GCC isnt hipster hot nowadays but it has quite a few nice things. For C++ templates I still prefer G++ error messages over Clang++'s. I find the former a lot more informative, but without Clang breathing down their neck I doubt if they would have improved their error messages.

userbinator · on April 7, 2014

You can't actually compile the output of -fdump-tree-optimized, so it's close but not quite exactly what I had in mind.

zurn · on April 7, 2014

Actually the problem is that compilers have dropped the ball on optimizing data representation.
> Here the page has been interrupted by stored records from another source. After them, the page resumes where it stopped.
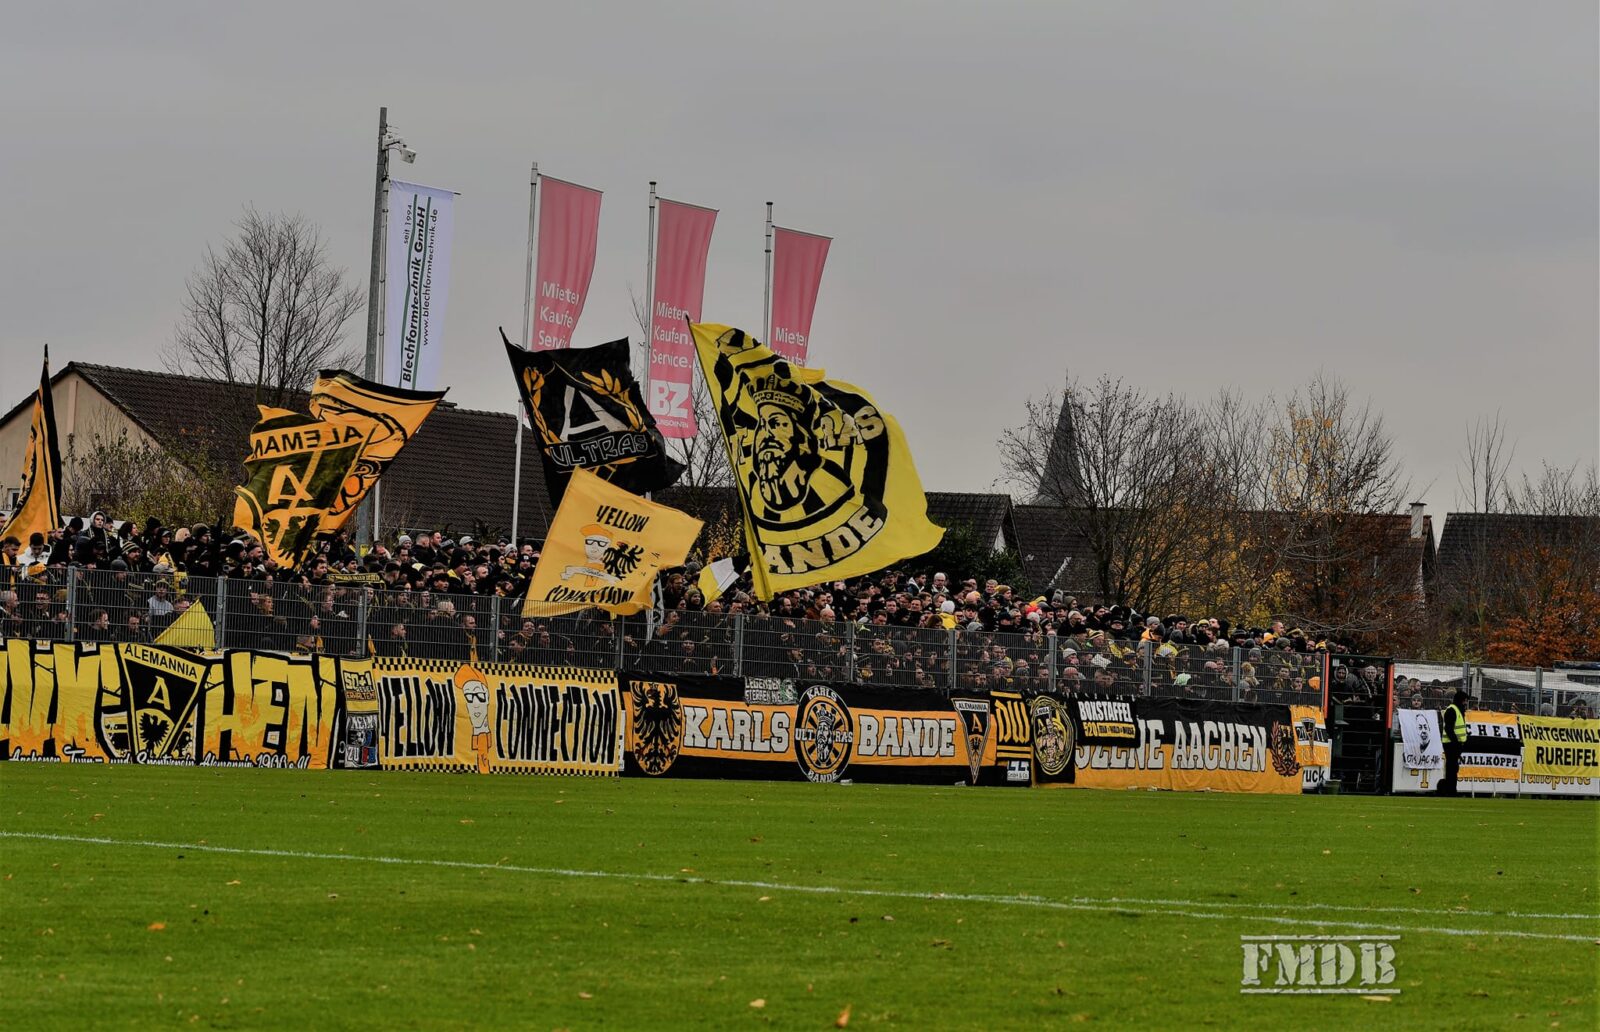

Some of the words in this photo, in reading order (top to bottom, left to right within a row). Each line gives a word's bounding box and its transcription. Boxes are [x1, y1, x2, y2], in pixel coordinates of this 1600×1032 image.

[405, 204, 413, 227] 1994
[423, 208, 438, 346] www.blechformtechnik.de
[403, 257, 422, 383] Blechformtechnik
[414, 206, 426, 253] GmbH
[653, 325, 694, 346] Kaufen.
[652, 348, 693, 368] Service.
[650, 379, 690, 419] BZ
[549, 433, 648, 467] ULTRAS
[596, 505, 650, 533] YELLOW
[125, 645, 198, 678] ALEMANNIA
[807, 687, 837, 701] KARLS
[958, 703, 988, 711] ALEMANNIA
[377, 677, 456, 758] YELLOW
[496, 682, 618, 764] CONNECTION
[1078, 700, 1133, 723] BOXSTAFFEL
[683, 704, 791, 753] KARLS
[858, 715, 956, 758] BANDE
[1172, 720, 1267, 772] AACHEN
[1536, 746, 1598, 767] RUREIFEL
[808, 770, 839, 783] BANDE
They generally don't even try.

Some faint glimpses of light can be seen, like compressed references in HotSpot or this Halide.
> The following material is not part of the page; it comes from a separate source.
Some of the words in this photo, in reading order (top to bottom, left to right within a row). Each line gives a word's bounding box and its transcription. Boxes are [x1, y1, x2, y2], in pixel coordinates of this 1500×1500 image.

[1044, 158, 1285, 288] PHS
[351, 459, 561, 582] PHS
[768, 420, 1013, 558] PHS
Rust and Go have nothing planned in this area.

kibwen · on April 7, 2014

Not entirely. In Rust, the runtime representation of enums (tagged unions) is left deliberately unspecified in order to allow for arbitrary optimizations depending on shape.

For example, The Option type in Rust (a.k.a. the Maybe type in Haskell) is a tagged union defined like this: [1]

  enum Option<T> {
      None,
      Some(T)
  }

Now say I use this like so:

  let foo = Some(6);

The runtime represenation of `foo` will be as follows:

  struct FooRepresentation {
      discriminator: u8,
      value: int
  }

...where `discriminator` is the field that determines whether the value is `None` or `Some`, and in the latter case `value` will contain the associated data.
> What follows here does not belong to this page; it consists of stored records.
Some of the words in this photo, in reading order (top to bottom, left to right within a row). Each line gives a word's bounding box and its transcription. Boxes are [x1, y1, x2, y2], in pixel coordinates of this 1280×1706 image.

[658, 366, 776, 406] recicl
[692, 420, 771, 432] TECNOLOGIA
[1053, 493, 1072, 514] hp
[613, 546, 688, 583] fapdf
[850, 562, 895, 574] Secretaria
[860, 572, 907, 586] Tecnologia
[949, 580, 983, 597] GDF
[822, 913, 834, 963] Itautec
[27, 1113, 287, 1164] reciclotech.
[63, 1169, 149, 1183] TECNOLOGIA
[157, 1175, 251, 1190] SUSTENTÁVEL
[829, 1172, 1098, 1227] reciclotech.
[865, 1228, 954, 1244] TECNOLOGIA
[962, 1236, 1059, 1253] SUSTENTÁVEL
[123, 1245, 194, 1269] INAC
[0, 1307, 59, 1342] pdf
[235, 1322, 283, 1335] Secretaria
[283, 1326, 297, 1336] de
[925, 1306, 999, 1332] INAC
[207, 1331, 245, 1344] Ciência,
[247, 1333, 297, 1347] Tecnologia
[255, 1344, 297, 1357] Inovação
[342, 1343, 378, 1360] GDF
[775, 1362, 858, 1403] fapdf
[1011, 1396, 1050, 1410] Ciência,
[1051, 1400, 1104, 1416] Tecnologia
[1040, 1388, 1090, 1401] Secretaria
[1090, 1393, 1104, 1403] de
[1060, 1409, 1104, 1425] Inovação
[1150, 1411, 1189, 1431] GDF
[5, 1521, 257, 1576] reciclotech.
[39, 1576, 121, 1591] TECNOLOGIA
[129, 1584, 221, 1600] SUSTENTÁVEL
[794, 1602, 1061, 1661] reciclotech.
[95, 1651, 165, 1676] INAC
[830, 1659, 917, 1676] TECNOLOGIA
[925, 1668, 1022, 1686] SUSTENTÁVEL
But let's say I declare foo a bit differently, using a pointer to a value rather than a raw value:

  let foo = Some(~6);  // the tilde denotes a unique pointer

Now the runtime representation of `foo` is only a single pointer, and in order to determine if `foo` is `None` it just checks to see if the pointer is null. Rust is smart enough to perform this optimization on any tagged union with two variants where only one of the variants has associated data, and the type of that variant is a pointer.

On the flipside, if you want to guarantee a specific data layout then you can use a struct, which have the same layout rules as structs in C.

[1] https://github.com/mozilla/rust/blob/master/src/libstd/optio...

kristianp · on April 7, 2014

Not go or rust, but I'm curious, in ocaml or haskell, I imagine it is not easy to change data representation without refactorings, because of the widespread pattern matching? e.g. in ocaml: let (x,y) = point;;

emillon · on April 7, 2014

That's one of the reasons why record types are recommended instead of tuples. They don't cost anything at runtime but make it harder to shoot yourself in the foot.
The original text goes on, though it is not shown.